Gaza, Cisgiordania: non c’è luce alla fine del tunnel. Che fare allora? Una idea ce l’ha Tamer Nafar, videomaker e rapper di successo che su Haaretz scrive:
Non c’è luce alla fine del tunnel; dovremo accenderla dall’interno
Questo è il titolo. Di seguito la declinazione: “Forse a volte non è saggio cercare la luce alla fine del tunnel. Forse è meglio sviluppare le capacità per procedere nell’oscurità – perché con o senza di noi, continua a diffondersi.
È difficile vedere la distribuzione del bilancio statale e e rimanere accecati – non dalla luce, ma dalla creatività con cui si creano sempre più sfumature di buio. Ancora una volta, sembra che il problema ci sia, ma non la soluzione. E onestamente? Non vedo una soluzione né un barlume di luce, né nella politica né nella mentalità delle persone che l’hanno scelta. Se ne avranno la possibilità, la sostituiranno con un’altra per continuare la stessa oscurità.
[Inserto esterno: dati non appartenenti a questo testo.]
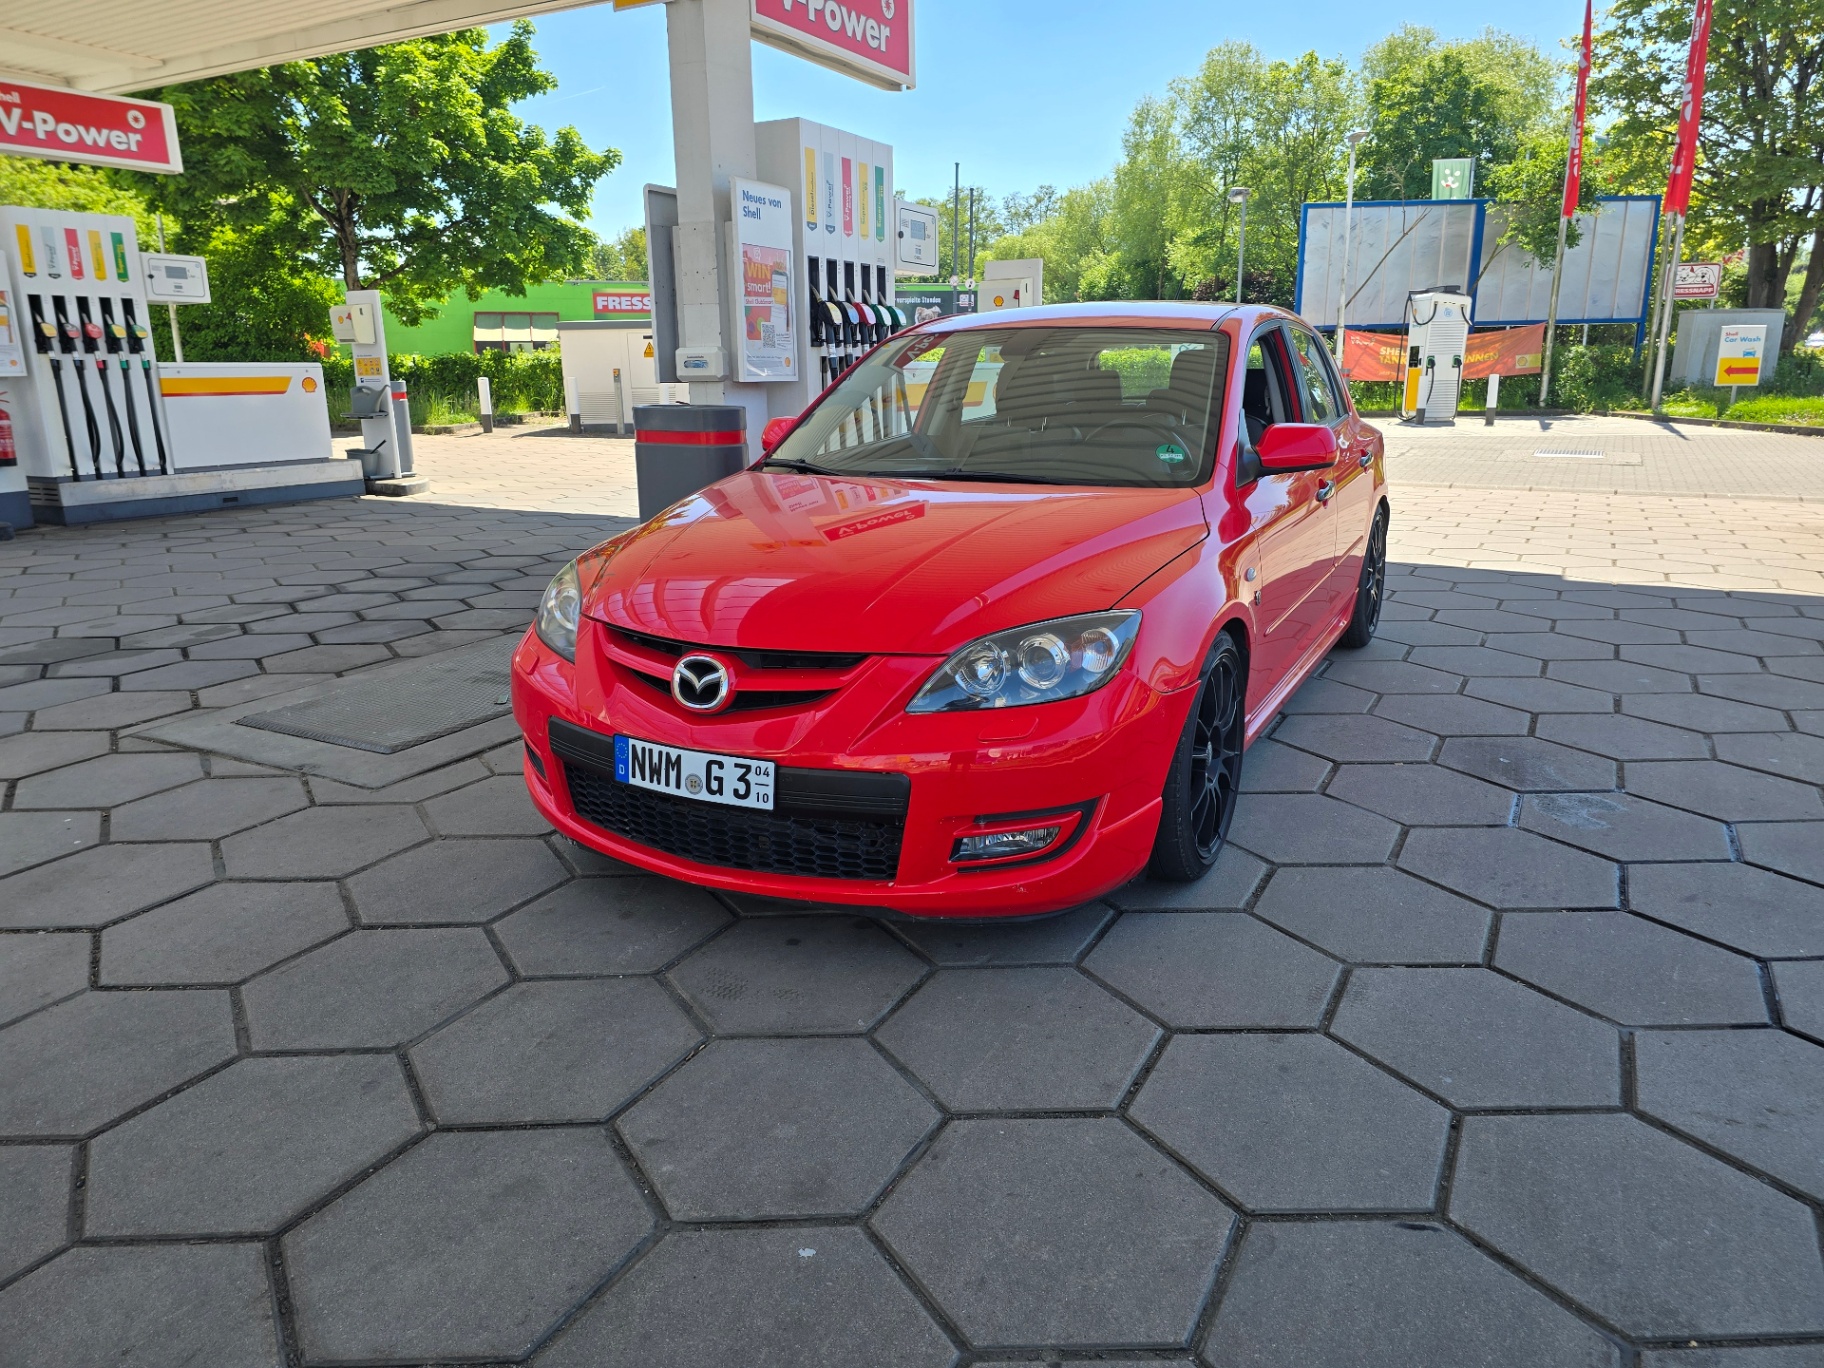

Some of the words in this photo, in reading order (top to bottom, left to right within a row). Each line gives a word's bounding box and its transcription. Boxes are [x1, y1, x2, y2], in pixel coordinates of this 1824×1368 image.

Non vedo una via d’uscita da questa oscurità. Non perché non creda nelle rivoluzioni o nelle persone che alzano la testa e rovesciano i governi. È già successo. Ma non credo che accadrà qui. Non quando il mainstream del popolo fa parte dell’oscurità stessa, magari di una tonalità leggermente più chiara. Le persone che manifestano contro l’oscurità possono anche avere paura della luce.
In effetti, la maggioranza è contraria al licenziamento dello “Shabaknik”, il capo del servizio di sicurezza Shin Bet Ronen Bar, perché sarebbe un altro passo verso la dittatura. Ma nessuno protesta contro l’esistenza stessa delle prigioni dello Shin Bet, dove i palestinesi vengono trascinati nell’oscurità e non tutti fanno ritorno. Perché invece di combattere l’oscurità stessa, la gente vuole solo uscirne – e poi eleggere un governo che ci lasci dentro noi, i palestinesi.
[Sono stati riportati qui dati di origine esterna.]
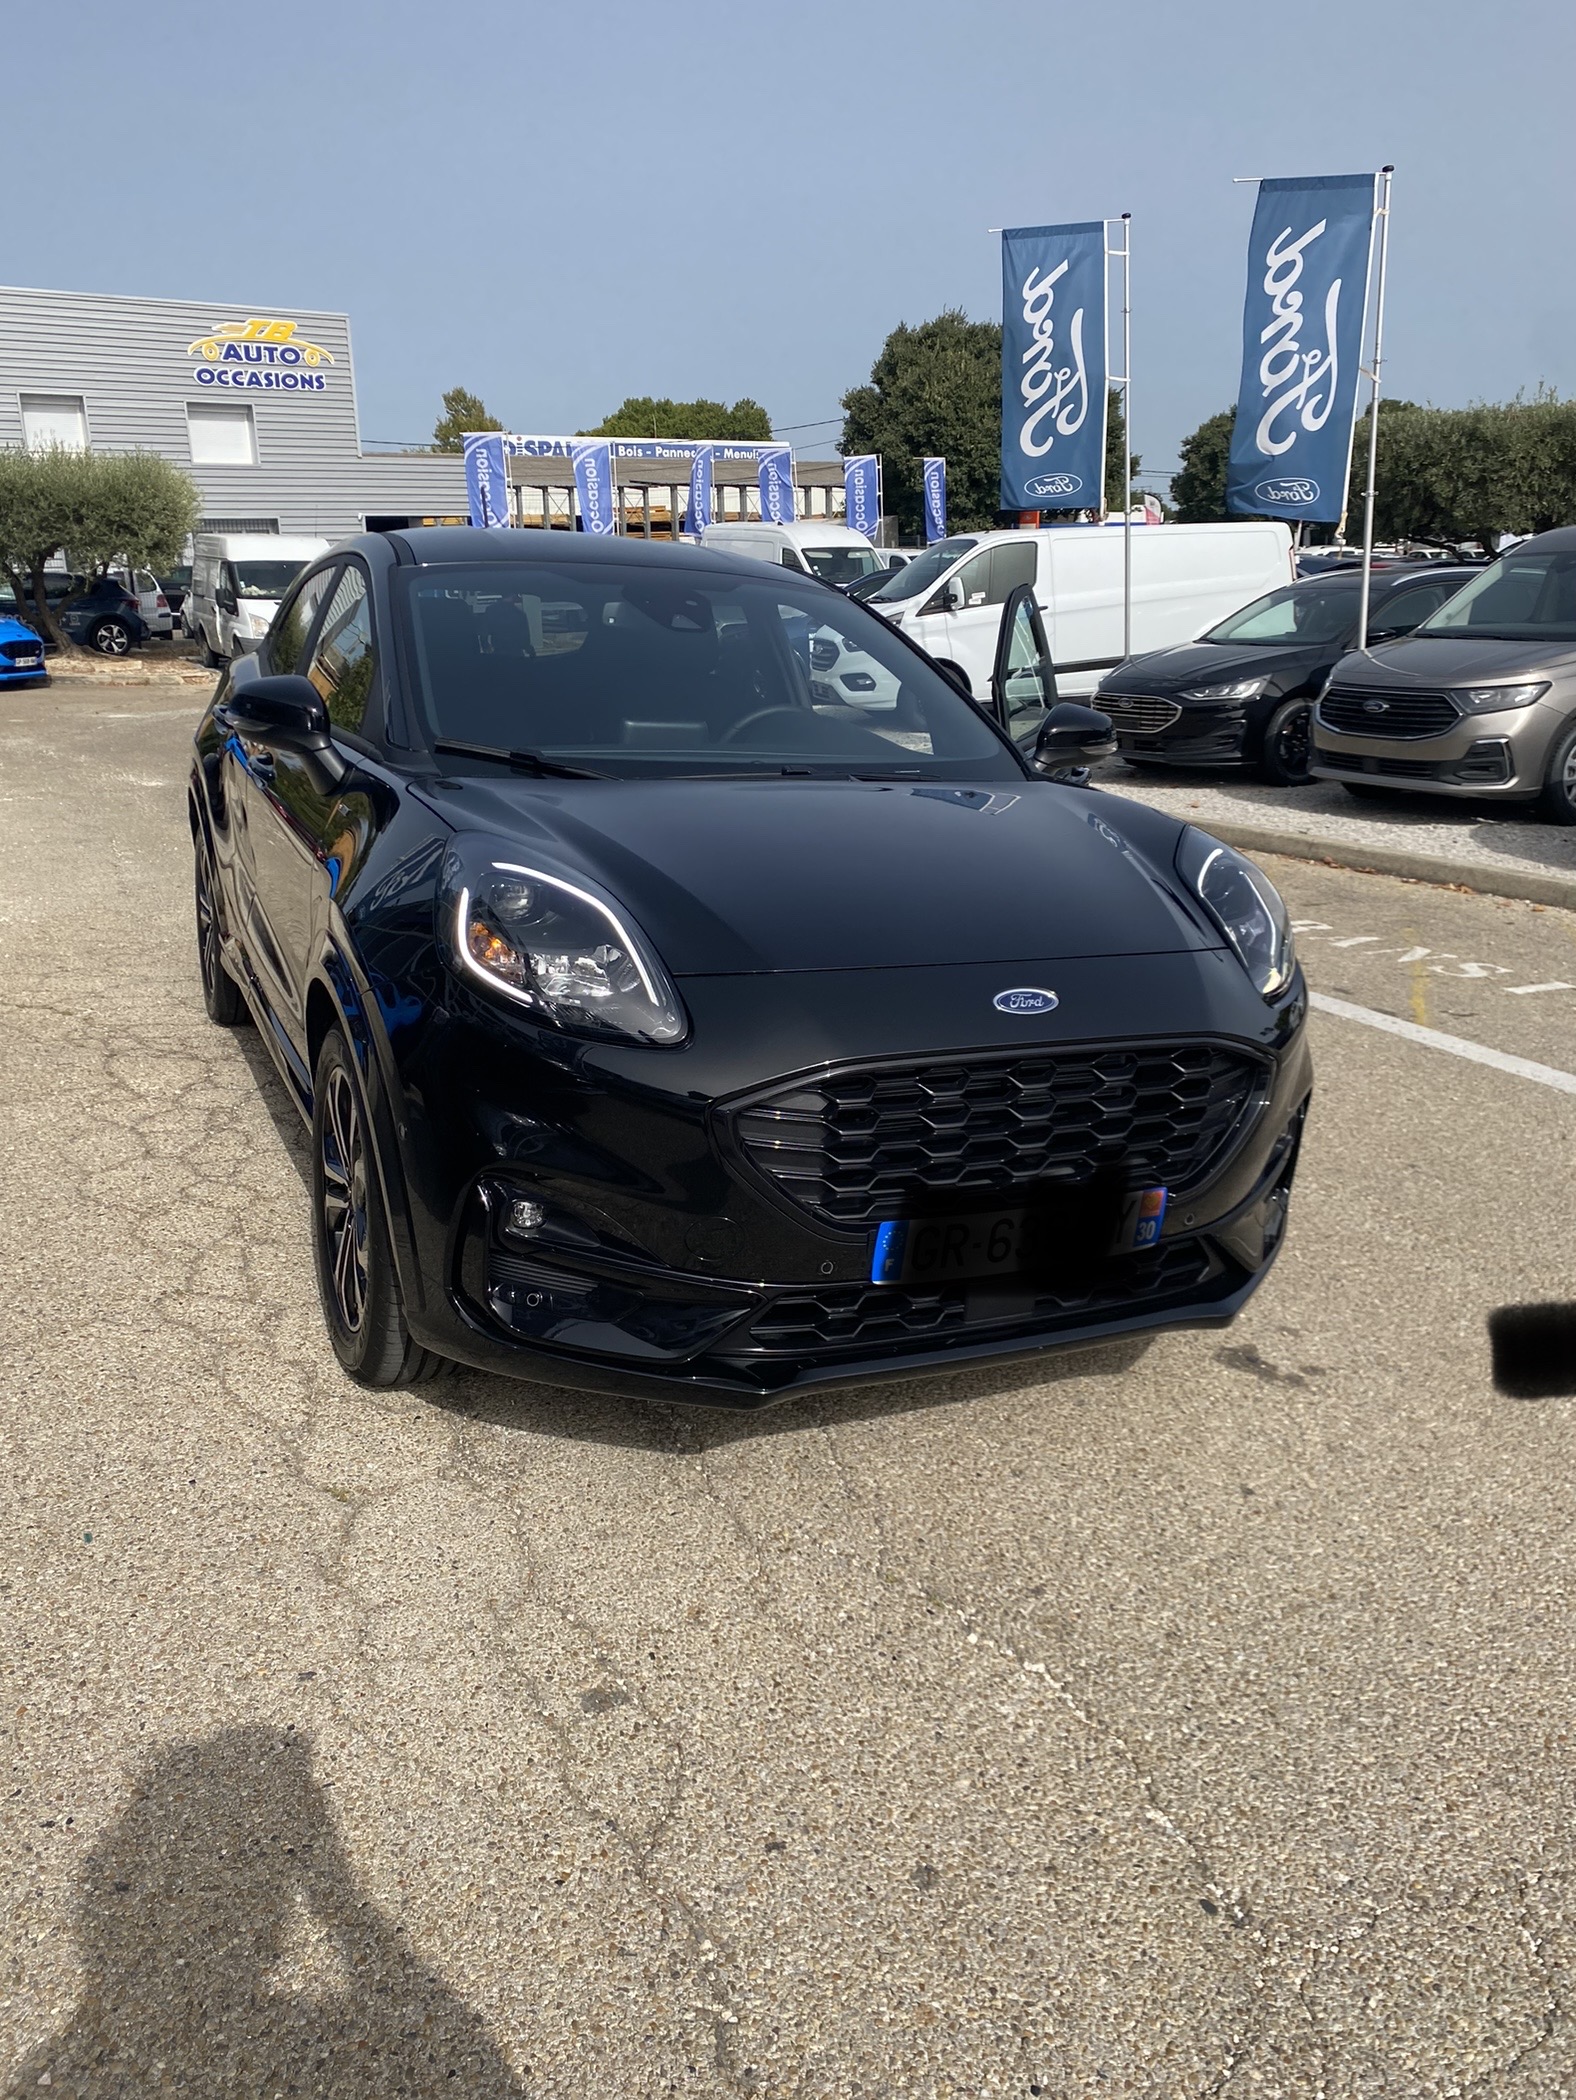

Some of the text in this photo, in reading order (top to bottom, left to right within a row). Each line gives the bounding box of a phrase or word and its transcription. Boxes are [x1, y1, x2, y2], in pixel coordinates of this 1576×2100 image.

[244, 319, 296, 341] TB
[222, 343, 301, 365] AUTO
[196, 367, 325, 390] OCCASIONS
[618, 445, 644, 457] Bois
[655, 446, 697, 458] Pannea
[1009, 993, 1045, 1009] Ford
[1137, 1220, 1156, 1241] 30
Non è un caso che io chiami il capo del servizio di sicurezza Shin Bet “Shabaknik”. È la nostra lingua, quella dei palestinesi in Israele. Fin da quando eravamo piccoli, chiamavamo “Shabaknik” chiunque aiutasse lo Stato ad agire contro di noi, anche se si limitava ad aiutare il comune a tagliare l’acqua a causa dei debiti.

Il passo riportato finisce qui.